Start of Block

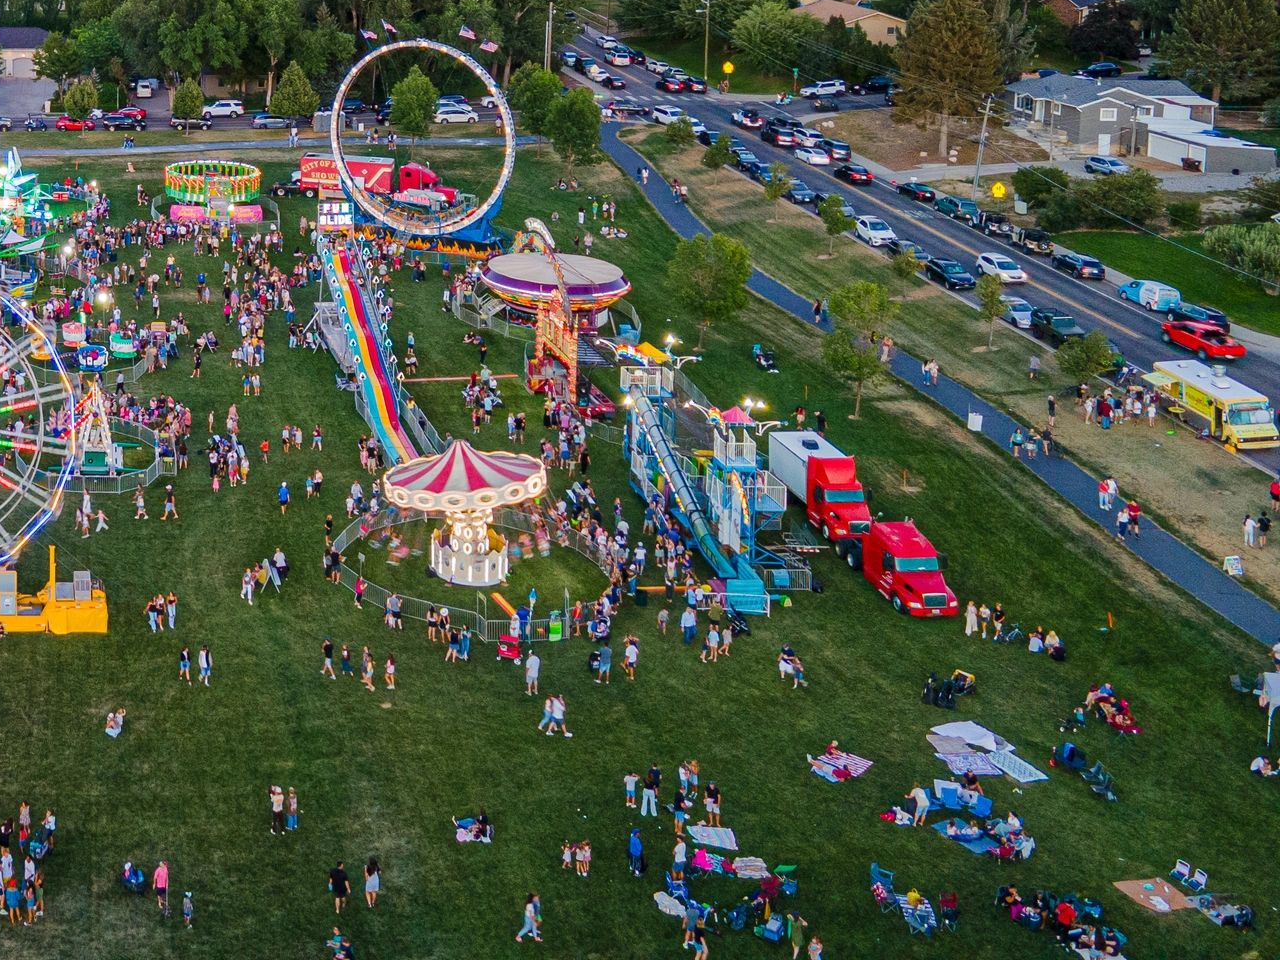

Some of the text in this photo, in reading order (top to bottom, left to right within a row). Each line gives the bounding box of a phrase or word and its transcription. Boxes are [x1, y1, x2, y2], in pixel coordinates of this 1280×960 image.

[302, 160, 318, 173] CITY
[319, 159, 331, 168] OF
[323, 202, 350, 214] FUN
[319, 214, 353, 225] SLIDE

End of Block

What is expected –
Output all data exactly, omitting images.

Solution to this exercise –
Some of the text in this photo, in reading order (top to bottom, left to right within a row). Each line gives the bounding box of a phrase or word and its transcription. Boxes are [x1, y1, x2, y2], in pixel coordinates of this 1280×960 image.

[302, 160, 318, 173] CITY
[319, 159, 331, 168] OF
[323, 202, 350, 214] FUN
[319, 214, 353, 225] SLIDE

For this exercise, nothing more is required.